> [EXERCISE OBJECTIVE]
Print the records below exactly as they appear. Omit all pictures.

+++

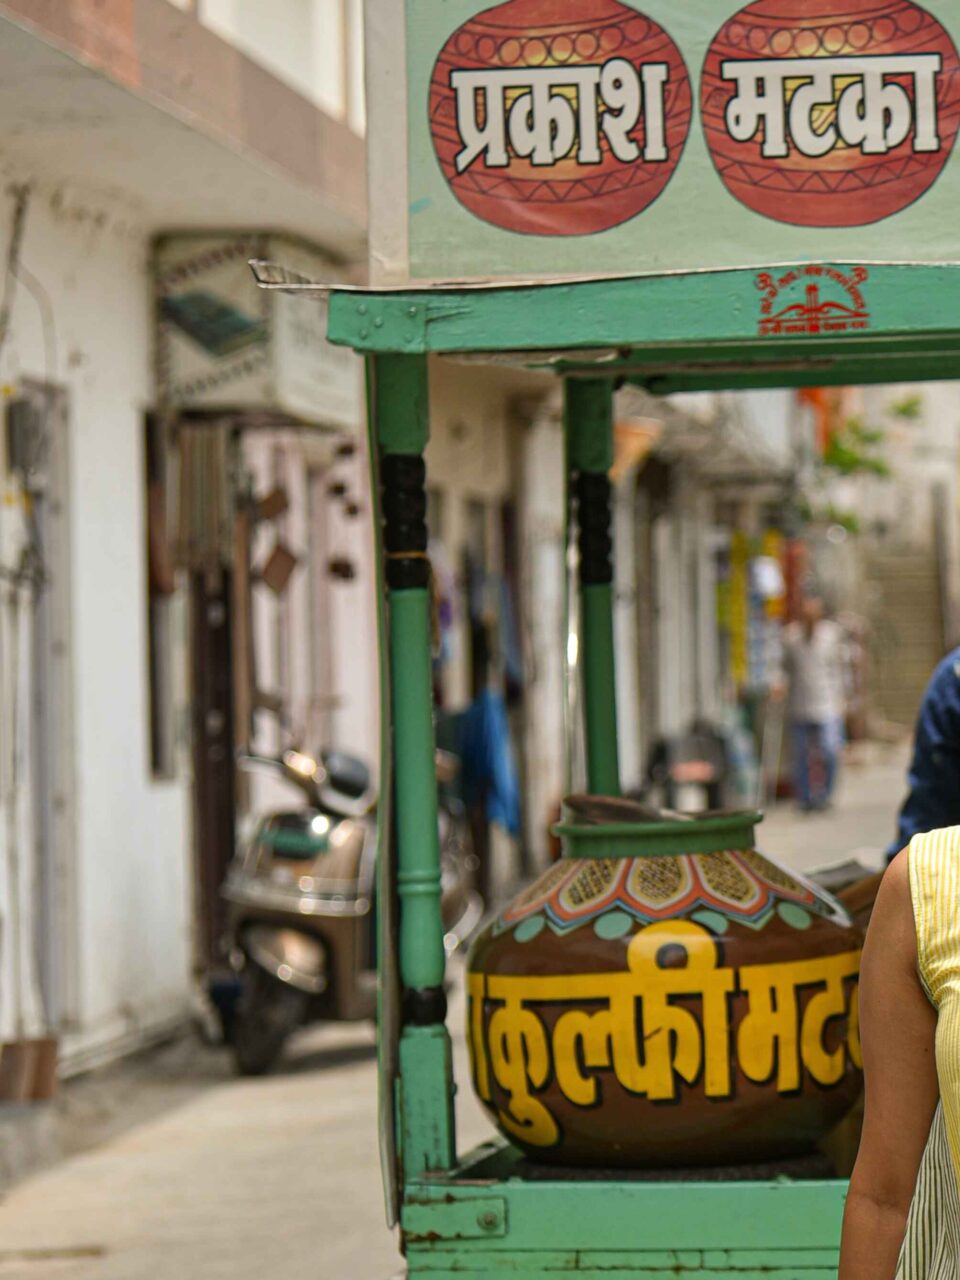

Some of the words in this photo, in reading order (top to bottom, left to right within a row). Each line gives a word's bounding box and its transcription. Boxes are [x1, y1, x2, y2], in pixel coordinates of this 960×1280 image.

[450, 57, 669, 174] प्रकाश
[720, 53, 943, 157] मटका
[486, 919, 735, 1148] कुल्फी
[739, 950, 863, 1092] मट
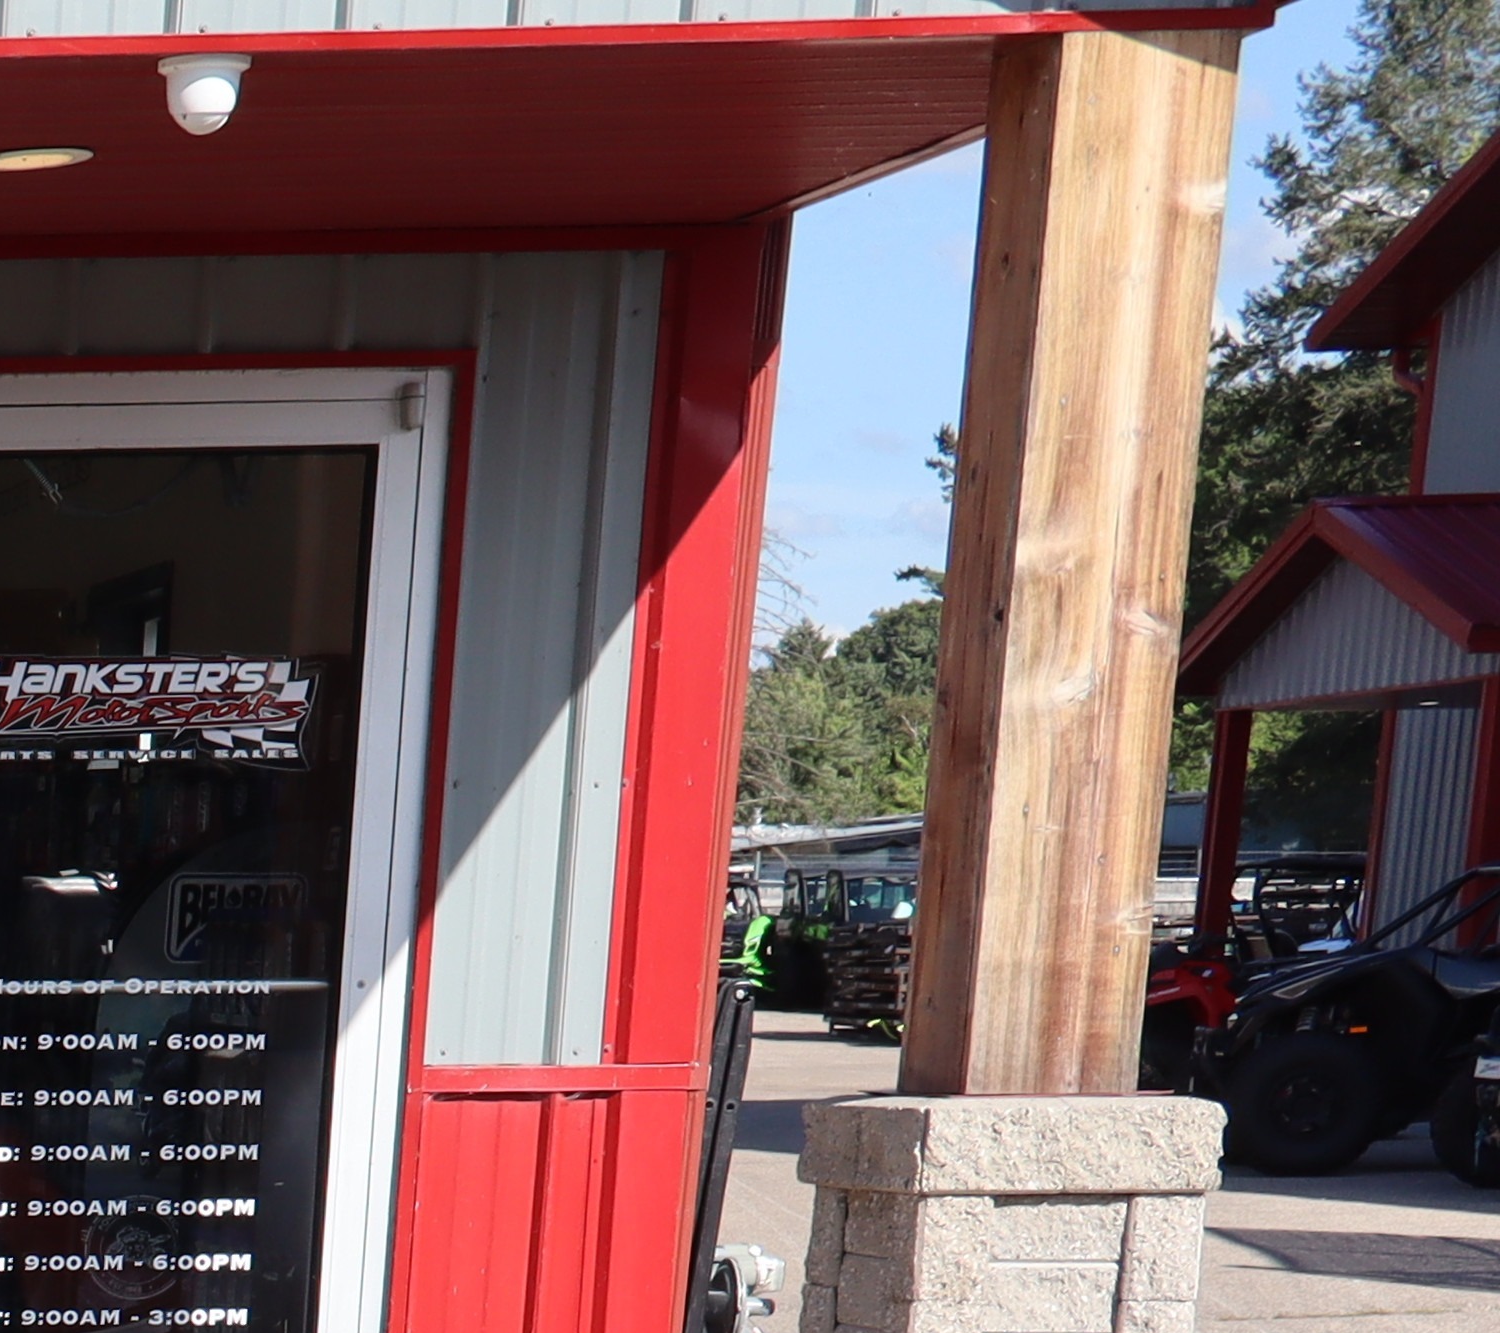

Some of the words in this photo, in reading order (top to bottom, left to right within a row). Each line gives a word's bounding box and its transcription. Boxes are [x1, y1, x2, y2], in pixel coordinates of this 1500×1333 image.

[214, 748, 300, 760] SALES
[83, 979, 115, 996] OF
[124, 977, 271, 996] OPERATION
[166, 1033, 267, 1051] 6:00PM
[33, 1090, 134, 1107] 9:00AM
[162, 1089, 263, 1107] 6:00PM
[30, 1145, 131, 1162] 9:00AM
[159, 1144, 259, 1162] 6:00PM
[27, 1200, 128, 1217] 9:00AM
[155, 1199, 256, 1217] 6:00PM
[24, 1255, 125, 1272] 9:00AM
[152, 1254, 253, 1272] 6:00PM
[20, 1310, 121, 1327] 9:00AM
[148, 1309, 249, 1327] 3:00PM

+++

> [EXERCISE OUTPUT]
Some of the words in this photo, in reading order (top to bottom, left to right within a row). Each line gives a word's bounding box and its transcription. Boxes are [x1, y1, x2, y2], in pixel coordinates of this 960×1280 image.

[450, 57, 669, 174] प्रकाश
[720, 53, 943, 157] मटका
[486, 919, 735, 1148] कुल्फी
[739, 950, 863, 1092] मट

Some of the words in this photo, in reading order (top to bottom, left to right within a row). Each line gives a word's bounding box and its transcription. Boxes are [x1, y1, x2, y2], in pixel coordinates of this 1500×1333 image.

[214, 748, 300, 760] SALES
[83, 979, 115, 996] OF
[124, 977, 271, 996] OPERATION
[166, 1033, 267, 1051] 6:00PM
[33, 1090, 134, 1107] 9:00AM
[162, 1089, 263, 1107] 6:00PM
[30, 1145, 131, 1162] 9:00AM
[159, 1144, 259, 1162] 6:00PM
[27, 1200, 128, 1217] 9:00AM
[155, 1199, 256, 1217] 6:00PM
[24, 1255, 125, 1272] 9:00AM
[152, 1254, 253, 1272] 6:00PM
[20, 1310, 121, 1327] 9:00AM
[148, 1309, 249, 1327] 3:00PM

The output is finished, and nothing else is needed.